Id. at 805-06. Moreover, we
noted the petitioner, in his brief to the BIA, offered no argument as to which
reasonableness factors were relevant in his case, did not identify any evidence
showing that relocation was unreasonable, and did not explain how the relocation
factors would support an argument that relocation was unreasonable.
Id. As a
result, we held the BIA’s citation to Arboleda was enough to show it had properly
considered the reasonableness of the petitioner’s relocation.
Id. at 806.
The IJ’s and BIA’s failure to explicitly mention the reasonableness of
relocation factors listed in 8 C.F.R. § 208.13(b)(3) does not constitute reversible
error. Unlike the petitioner in Arboleda, Bahadur-Chhetri failed to establish past
persecution and thus bore the burden of showing that it would not be reasonable to
relocate within Nepal.
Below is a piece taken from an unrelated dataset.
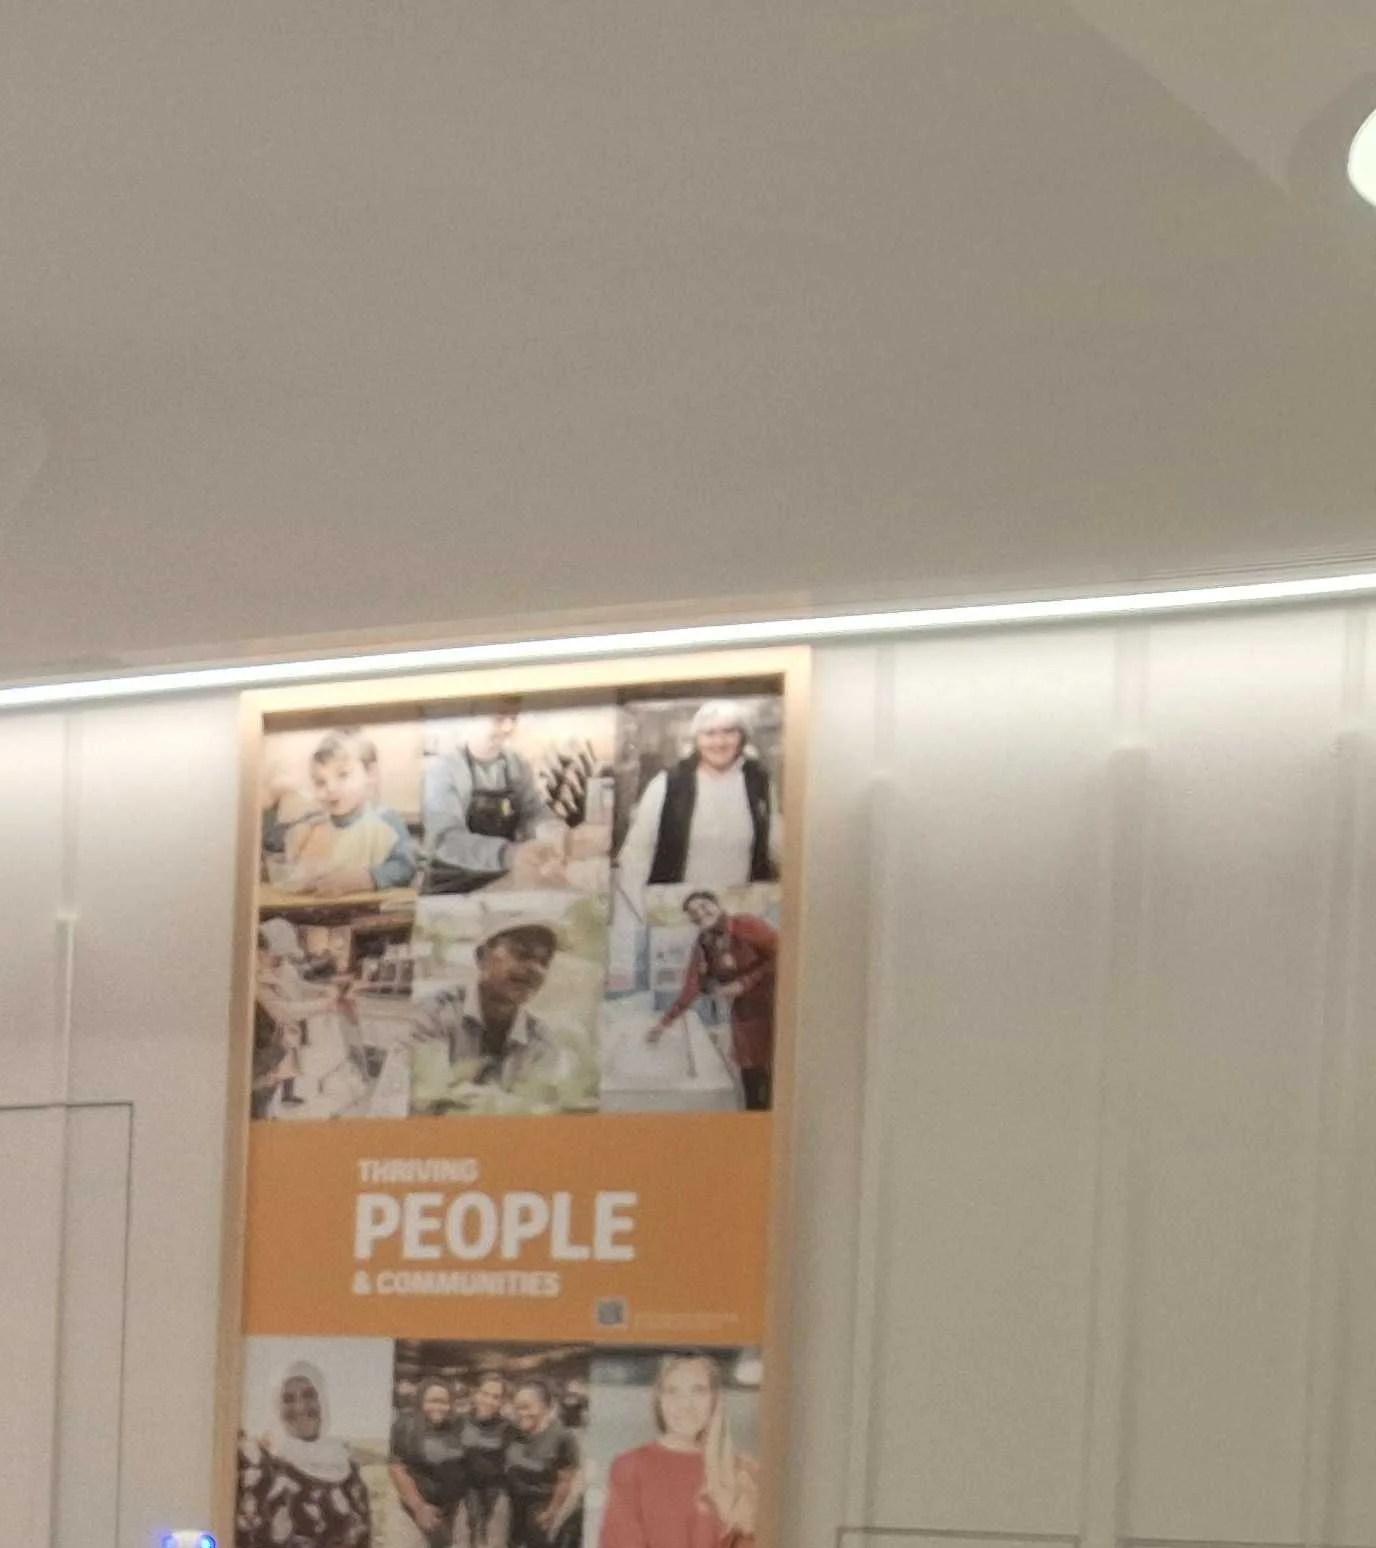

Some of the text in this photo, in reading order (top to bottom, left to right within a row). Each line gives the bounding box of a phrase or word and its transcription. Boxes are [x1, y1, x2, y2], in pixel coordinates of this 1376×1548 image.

See
Arboleda, 434 F.3d at 1224; 8 C.F.R. § 208.13(b)(3)(i).
However, although he cited the factors, Bahadur-Chhetri failed to offer any
argument as to how any of those reasonableness factors were relevant in his case,
4
The 8 C.F.R. § 1208.16(b)(3) reasonableness of relocation factors within the
withholding of removal regulations are identical to the factors contained in 8 C.F.R.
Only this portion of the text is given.